**Your assignment:** With the pictures left out, write every entry down exactly.

___ Data shown ___

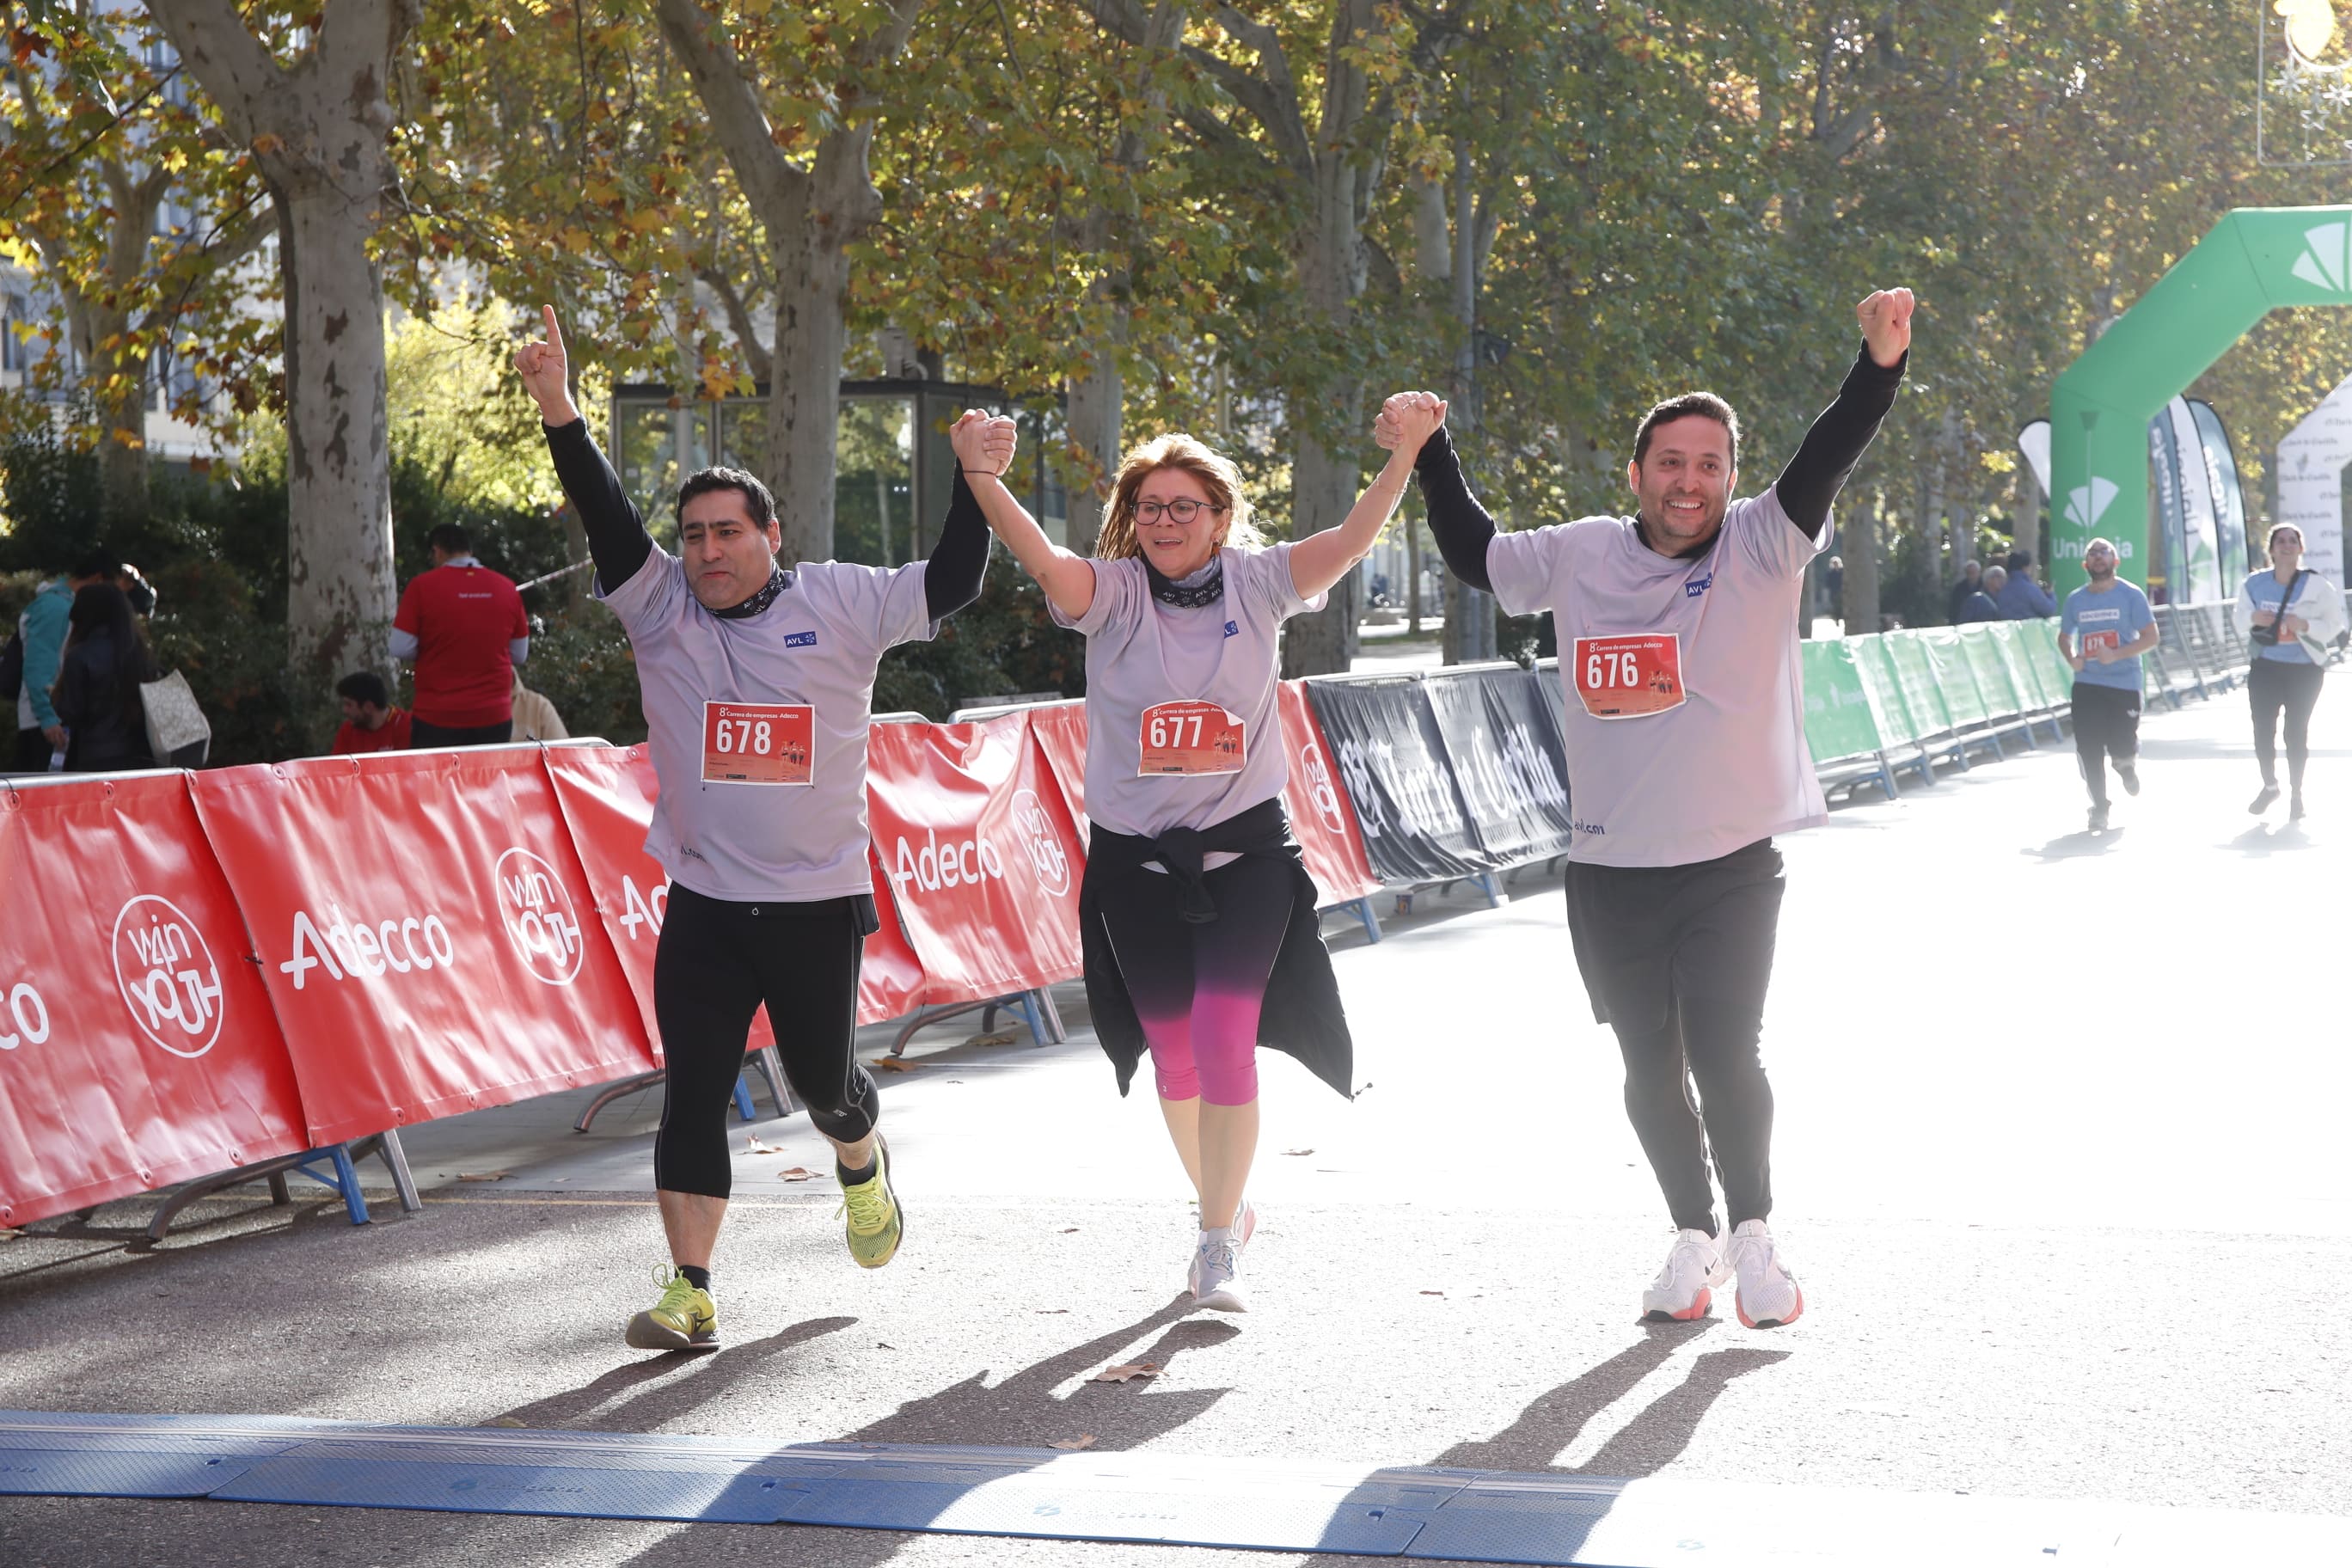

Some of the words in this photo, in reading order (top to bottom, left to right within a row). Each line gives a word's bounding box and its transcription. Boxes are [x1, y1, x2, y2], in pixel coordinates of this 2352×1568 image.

[787, 637, 804, 646] AVL
[1587, 652, 1639, 689] 676
[716, 719, 771, 755] 678
[1150, 715, 1203, 748] 677
[279, 903, 454, 990] Adecco

___

**Expected answer:**
Some of the words in this photo, in reading order (top to bottom, left to right within a row). Each line gives a word's bounding box and its transcription. Boxes are [x1, y1, x2, y2], in pixel coordinates of this 2352×1568 image.

[787, 637, 804, 646] AVL
[1587, 652, 1639, 689] 676
[716, 719, 771, 755] 678
[1150, 715, 1203, 748] 677
[279, 903, 454, 990] Adecco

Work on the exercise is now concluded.